Nell’era del lavoro  frutto delle trasformazioni tecnologiche e digitali     ci potrebbe toccare di festeggiare il primo maggio in piazza sì, ma insieme ai robot. Del resto, dai dati raccolti dal World Economic Forum e rilasciati nel report The Future of the Jobs, già qualche  tempo  fa si  prevedeva   entro il 2022 un 42% di lavoro   gestito dalle macchine e un 58% dagli uomini.  Previsioni a parte, la tendenza sembra essere destinata a crescere ulteriormente e a portare con sé nuovi modelli di lavoro. In questo scenario in continua evoluzione più di un interrogativo lo pone un fenomeno  ancora tutto da indagare: le dimissioni volontarie.
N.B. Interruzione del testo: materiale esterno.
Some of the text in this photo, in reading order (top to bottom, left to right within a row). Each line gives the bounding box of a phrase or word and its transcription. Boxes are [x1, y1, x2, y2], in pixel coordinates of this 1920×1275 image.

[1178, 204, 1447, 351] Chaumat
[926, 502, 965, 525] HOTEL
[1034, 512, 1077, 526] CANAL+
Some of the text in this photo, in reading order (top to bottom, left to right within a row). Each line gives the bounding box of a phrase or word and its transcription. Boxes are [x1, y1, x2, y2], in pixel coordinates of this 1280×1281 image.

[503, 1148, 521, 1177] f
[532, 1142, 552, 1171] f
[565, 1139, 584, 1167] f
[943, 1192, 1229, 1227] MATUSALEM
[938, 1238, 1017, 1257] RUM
La grande fuga dal lavoro in alcuni casi è un salto nel vuoto. Si lascia il lavoro anche quando non ci sono alternative. Cambiare lavoro, cambiare vita, darci un taglio e ricominciare sono scelte ardite se solo si guarda a qualche decennio fa e alla rincorsa del posto fisso e rassicurante. Forse che fluttuando nella precarietà di un mercato del lavoro instabile ci si è abituati al rischio di mettere tutto in discussione con cadenza ciclica? E quanto davvero  ha inciso la “lezione” della pandemia nello spingere alla fuga dal lavoro? Dimettersi volontariamente si aggiunge alle categorie dei senza lavoro o in cerca di un nuovo lavoro, ma questa volta  per scelta.  A farlo sono giovani e meno giovani, istruiti e meno istruiti con titoli di studio diversificati. Ma perché? Cos’è che ha fatto invertire la rotta? C’entra forse quel concetto di felicità di cui esiste persino  un vero e proprio indice di misura e il desiderio di trovare formule lavorative che meglio si conciliano con la qualità della vita?
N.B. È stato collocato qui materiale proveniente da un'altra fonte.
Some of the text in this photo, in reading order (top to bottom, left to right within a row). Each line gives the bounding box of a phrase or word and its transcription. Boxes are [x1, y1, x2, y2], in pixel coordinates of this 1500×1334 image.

Ancora una volta il lavoro e il modo di concepirlo diventano indicatori sociali che svelano  cambiamenti epocali. Radar che intercettano i mutamenti che accompagnano la vita degli uomini nelle sue diverse declinazioni. Vale anche per il lavoro come strumento per battere  strade che portano all’indipendenza e alla realizzazione di se stessi.  

Lo sanno bene le donne  che da sempre  per il lavoro hanno combattuto battaglie, modificato le loro esistenze, conciliato ritmi con famiglia e figli, rivendicato diritti e ruoli. E cosa vorrà dire la parola lavoro negli anni a venire, al netto di quel “fardello” etimologico  che si porta dietro nel suo stesso nome, ovvero:  fatica?  «E quando dico  lavoro non penso ad una  fatica, ad un  supplizio  che uno deve  sopportare  dalla mattina alla sera per rendersi indipendente dal punto di  vista economico, ma ad una  opportunità  che Dio ci ha offerto per dare più  senso  alla nostra  esistenza. Ricordatevi quello che vi dico: una cosa è fare’ il tabaccaio, e una cosa è  essere tabaccaio», diceva Luciano De Crescenzo.
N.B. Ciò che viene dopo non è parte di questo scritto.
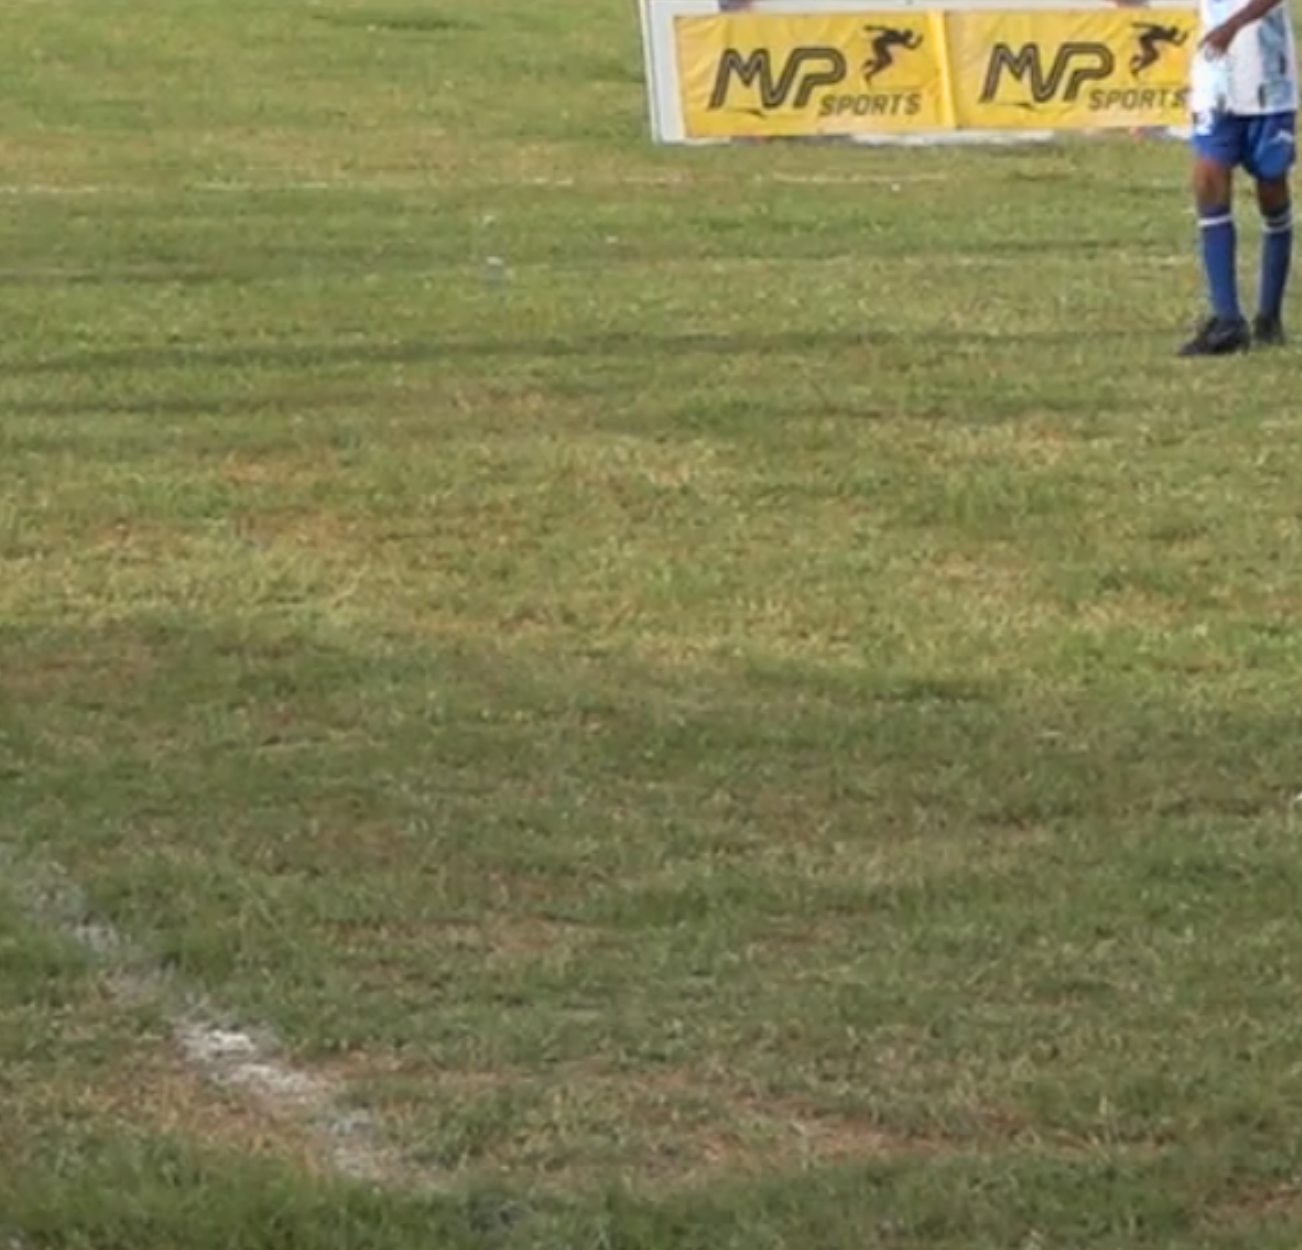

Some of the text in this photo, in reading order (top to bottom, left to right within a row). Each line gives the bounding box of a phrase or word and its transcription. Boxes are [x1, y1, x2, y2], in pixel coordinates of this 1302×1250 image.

[707, 46, 847, 110] MVP
[978, 41, 1115, 103] MVP
[817, 92, 922, 117] SPORTS
Allora forse la sfida  è sempre quella: trovare un equilibrio tra ciò che si è e ciò che si vorrebbe essere, tra ciò che si ha e ciò che si vorrebbe avere.  Perché è vero che il lavoro è sudore – vale anche per i lavori intellettuali e creativi:  anche questi non esenti dalla fatica, anzi – ma a date condizioni  è anche  gioia soprattutto quando si ha la fortuna (e la possibilità) di fare il lavoro che si è scelto di fare e quando nel farlo si raggiungono gli obiettivi prefissati.

Gioia, appunto. “Il lavoro dovrebbe essere una grande gioia ed è ancora per molti tormento, tormento di non averlo, tormento di fare un lavoro che non serva, non giovi a un nobile scopo”, (Adriano Olivetti).